> **Required work**: Nothing in the entries may change when you repeat them, and no images may appear.

====== Data for analysis ======

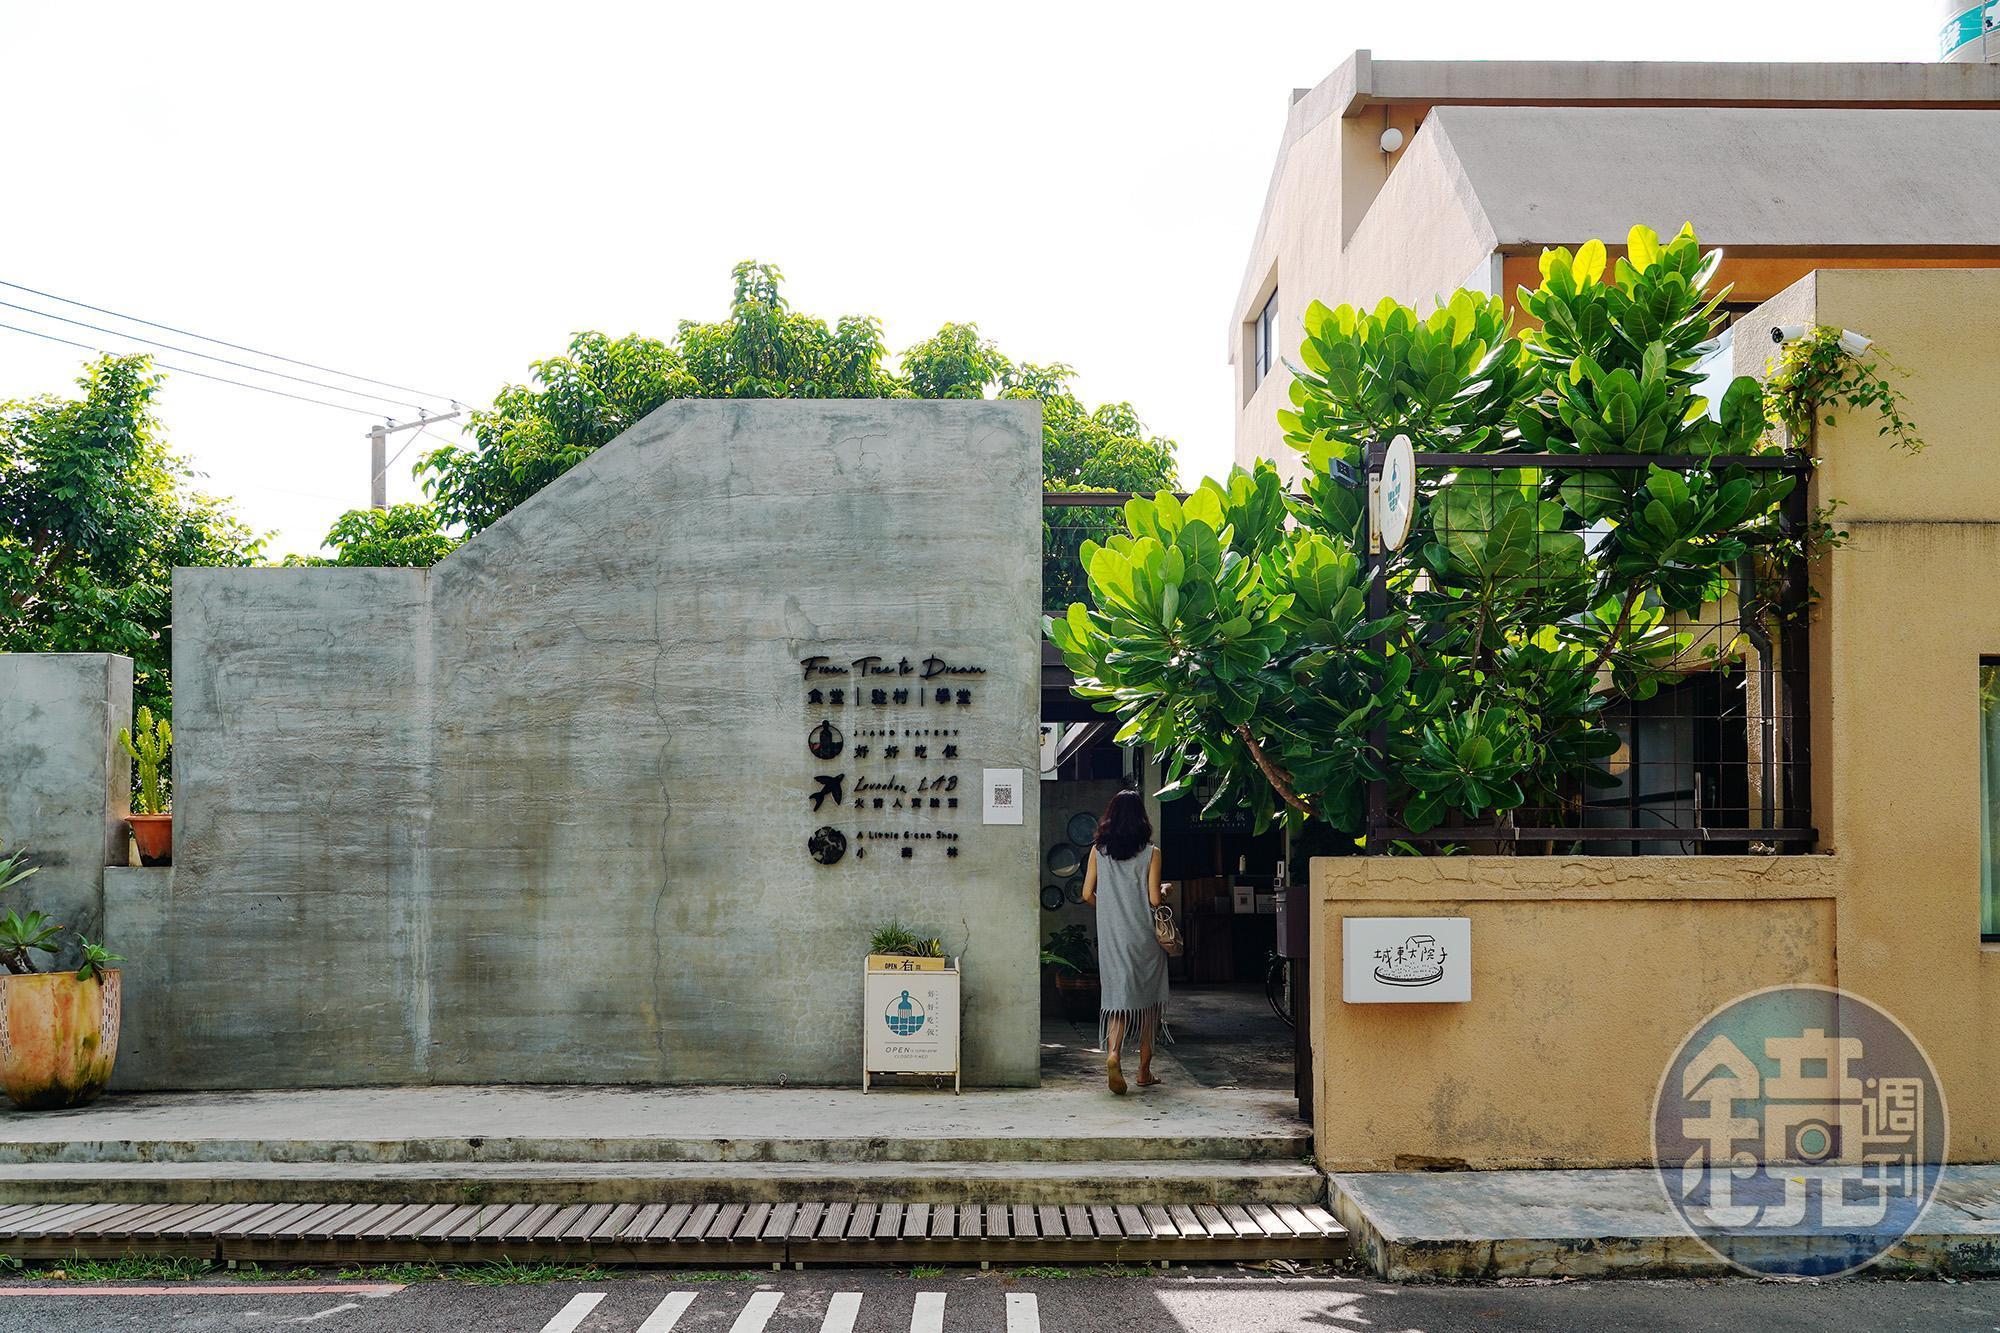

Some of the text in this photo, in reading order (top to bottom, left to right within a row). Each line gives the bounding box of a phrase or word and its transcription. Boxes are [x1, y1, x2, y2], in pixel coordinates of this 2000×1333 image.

[800, 654, 986, 680] From Tree to Dream
[808, 688, 845, 705] 食堂
[917, 775, 959, 792] LAB
[856, 831, 959, 842] A Little Green Shop
[885, 962, 898, 970] OPEN
[1373, 947, 1448, 969] 城東大院子
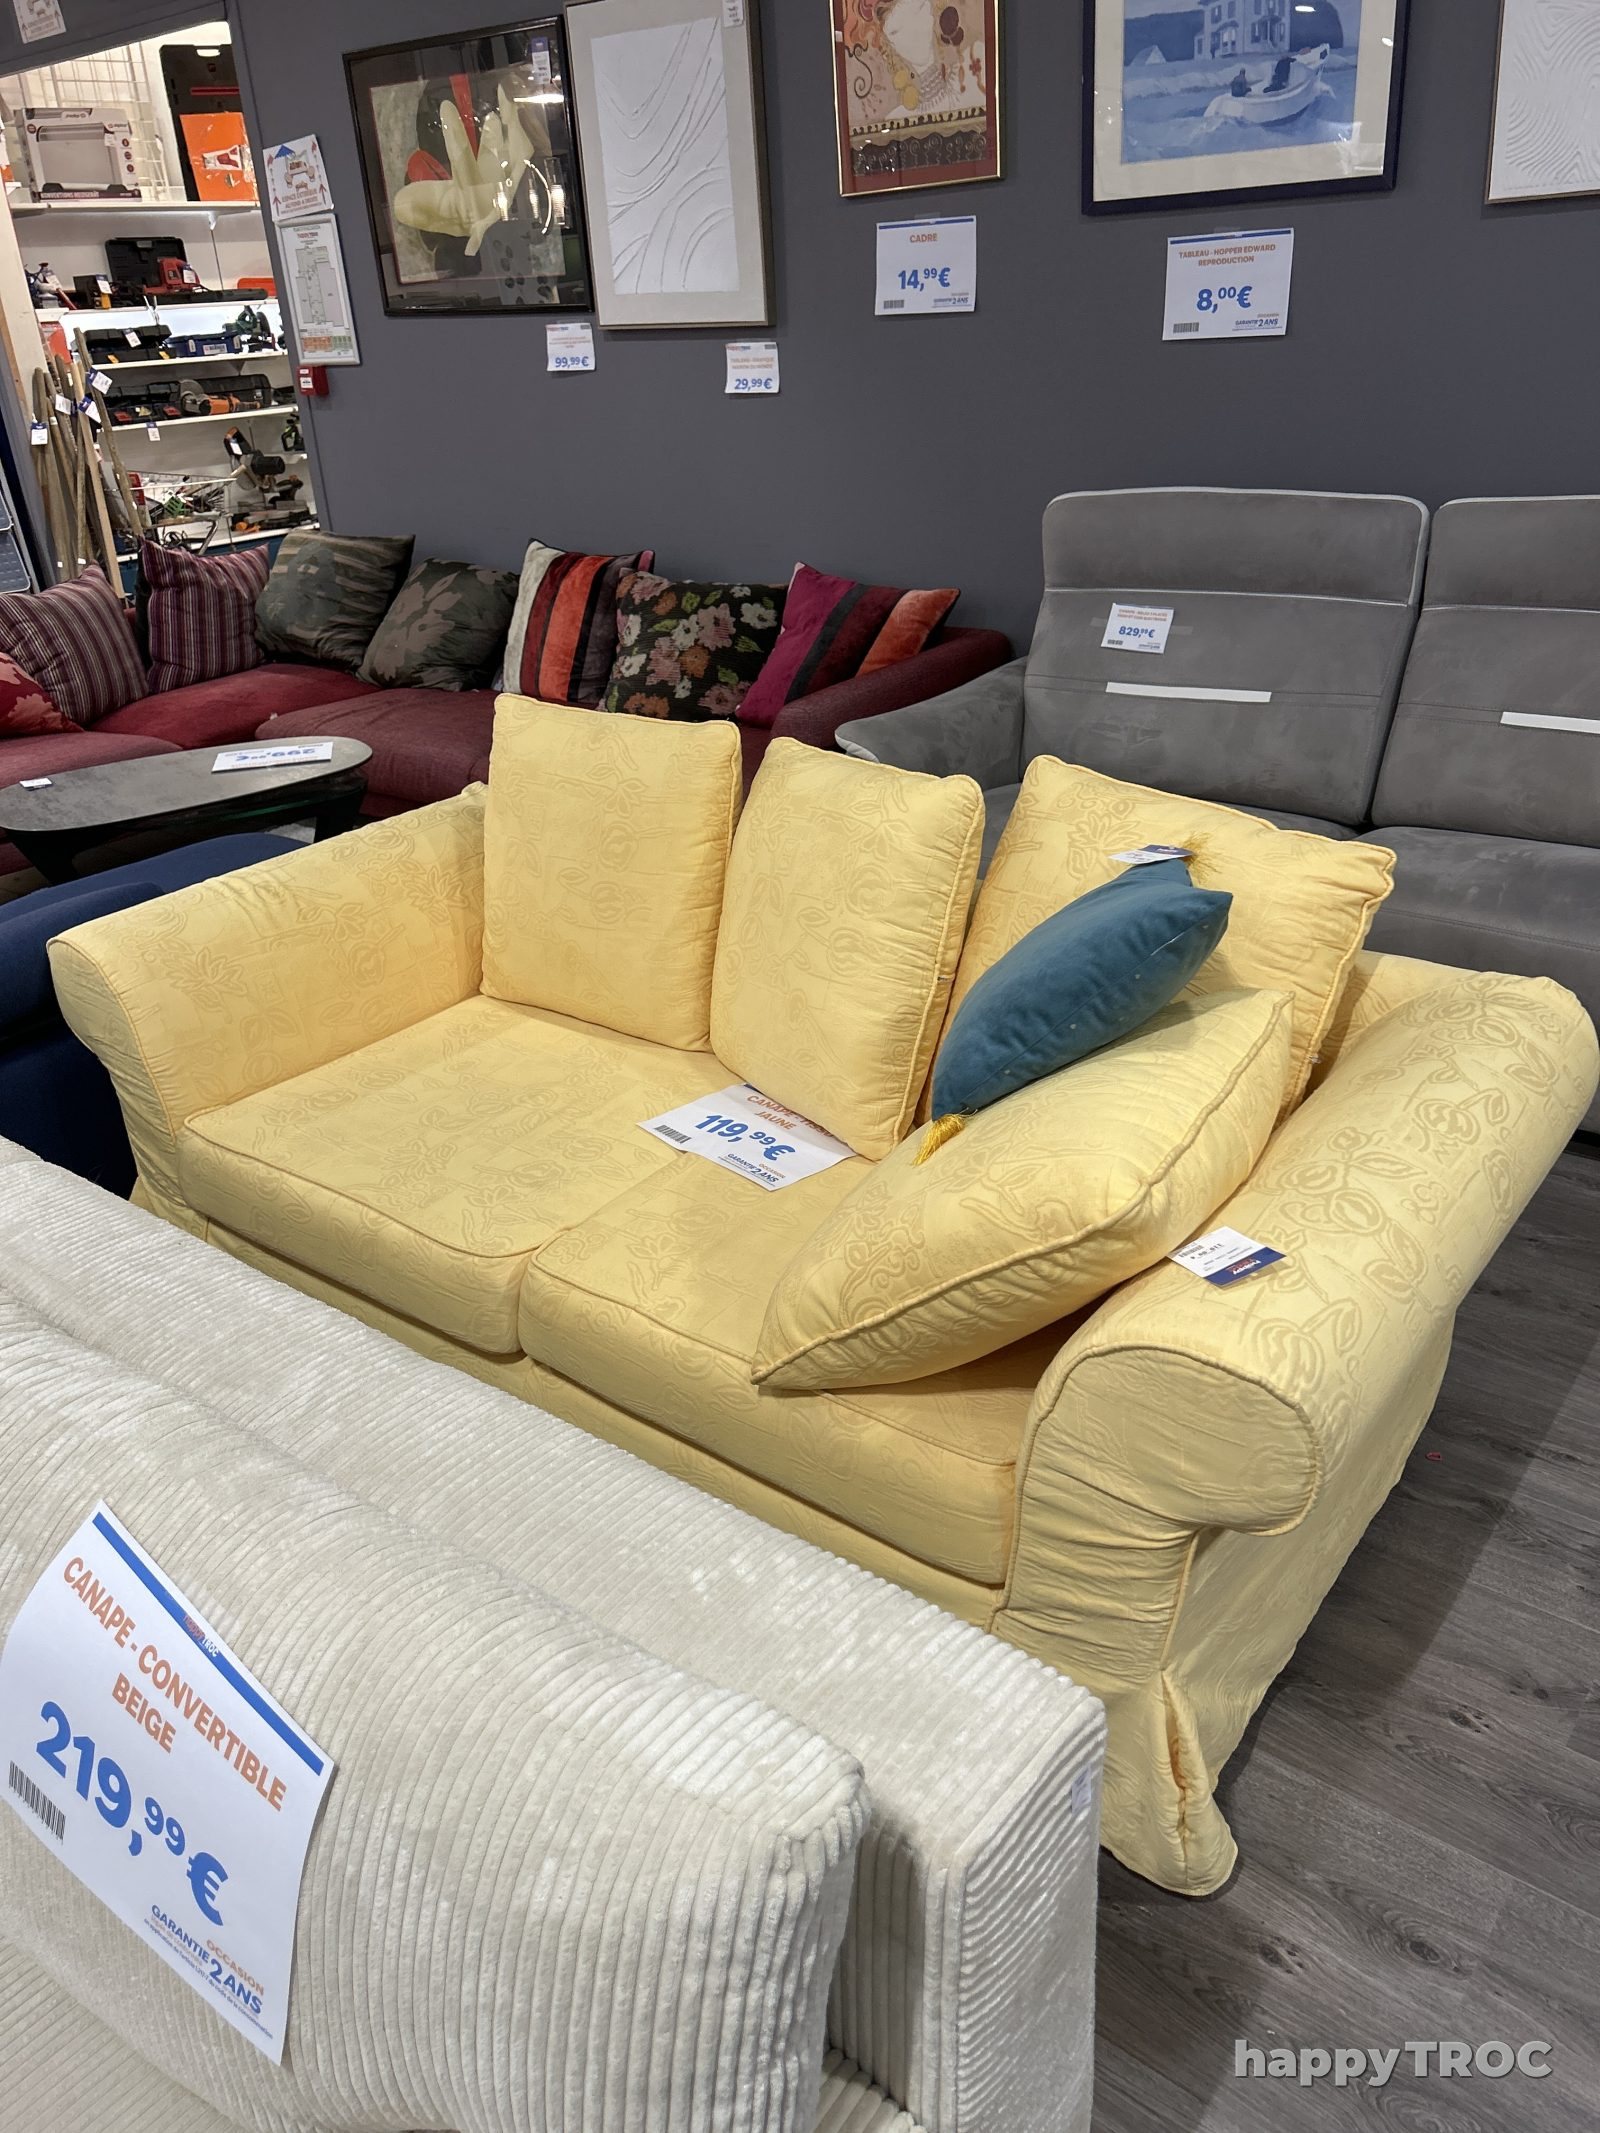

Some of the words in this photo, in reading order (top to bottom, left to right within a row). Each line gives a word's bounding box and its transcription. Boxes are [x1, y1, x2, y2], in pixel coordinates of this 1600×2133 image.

[909, 233, 938, 243] CADRE
[1179, 249, 1210, 259] TABLEAU
[1214, 245, 1243, 256] HOPPER
[1243, 243, 1276, 254] EDWARD
[1198, 255, 1255, 267] REPRODUCTION
[898, 267, 951, 292] 14,99€
[1196, 285, 1253, 313] 8,00€
[1258, 319, 1264, 327] 2
[1264, 318, 1279, 326] ANS
[555, 356, 589, 368] 99,99€
[734, 378, 773, 391] 29,99€
[747, 1095, 794, 1117] CANAPE
[754, 1111, 797, 1130] JAUNE
[695, 1114, 795, 1161] 119,99€
[727, 1153, 757, 1170] GARANTIE
[760, 1172, 779, 1182] ANS
[63, 1556, 136, 1648] CANAPE
[139, 1644, 287, 1812] CONVERTIBLE
[111, 1673, 177, 1754] BEIGE
[36, 1701, 229, 1926] 219,99€
[151, 1904, 210, 1963] GARANTIE
[209, 1958, 223, 1984] 2
[223, 1974, 263, 2014] ANS
[206, 1939, 264, 1996] OCCASION

======

> **Result for this exercise**:
Some of the text in this photo, in reading order (top to bottom, left to right within a row). Each line gives the bounding box of a phrase or word and its transcription. Boxes are [x1, y1, x2, y2], in pixel coordinates of this 2000×1333 image.

[800, 654, 986, 680] From Tree to Dream
[808, 688, 845, 705] 食堂
[917, 775, 959, 792] LAB
[856, 831, 959, 842] A Little Green Shop
[885, 962, 898, 970] OPEN
[1373, 947, 1448, 969] 城東大院子

Some of the words in this photo, in reading order (top to bottom, left to right within a row). Each line gives a word's bounding box and its transcription. Boxes are [x1, y1, x2, y2], in pixel coordinates of this 1600×2133 image.

[909, 233, 938, 243] CADRE
[1179, 249, 1210, 259] TABLEAU
[1214, 245, 1243, 256] HOPPER
[1243, 243, 1276, 254] EDWARD
[1198, 255, 1255, 267] REPRODUCTION
[898, 267, 951, 292] 14,99€
[1196, 285, 1253, 313] 8,00€
[1258, 319, 1264, 327] 2
[1264, 318, 1279, 326] ANS
[555, 356, 589, 368] 99,99€
[734, 378, 773, 391] 29,99€
[747, 1095, 794, 1117] CANAPE
[754, 1111, 797, 1130] JAUNE
[695, 1114, 795, 1161] 119,99€
[727, 1153, 757, 1170] GARANTIE
[760, 1172, 779, 1182] ANS
[63, 1556, 136, 1648] CANAPE
[139, 1644, 287, 1812] CONVERTIBLE
[111, 1673, 177, 1754] BEIGE
[36, 1701, 229, 1926] 219,99€
[151, 1904, 210, 1963] GARANTIE
[209, 1958, 223, 1984] 2
[223, 1974, 263, 2014] ANS
[206, 1939, 264, 1996] OCCASION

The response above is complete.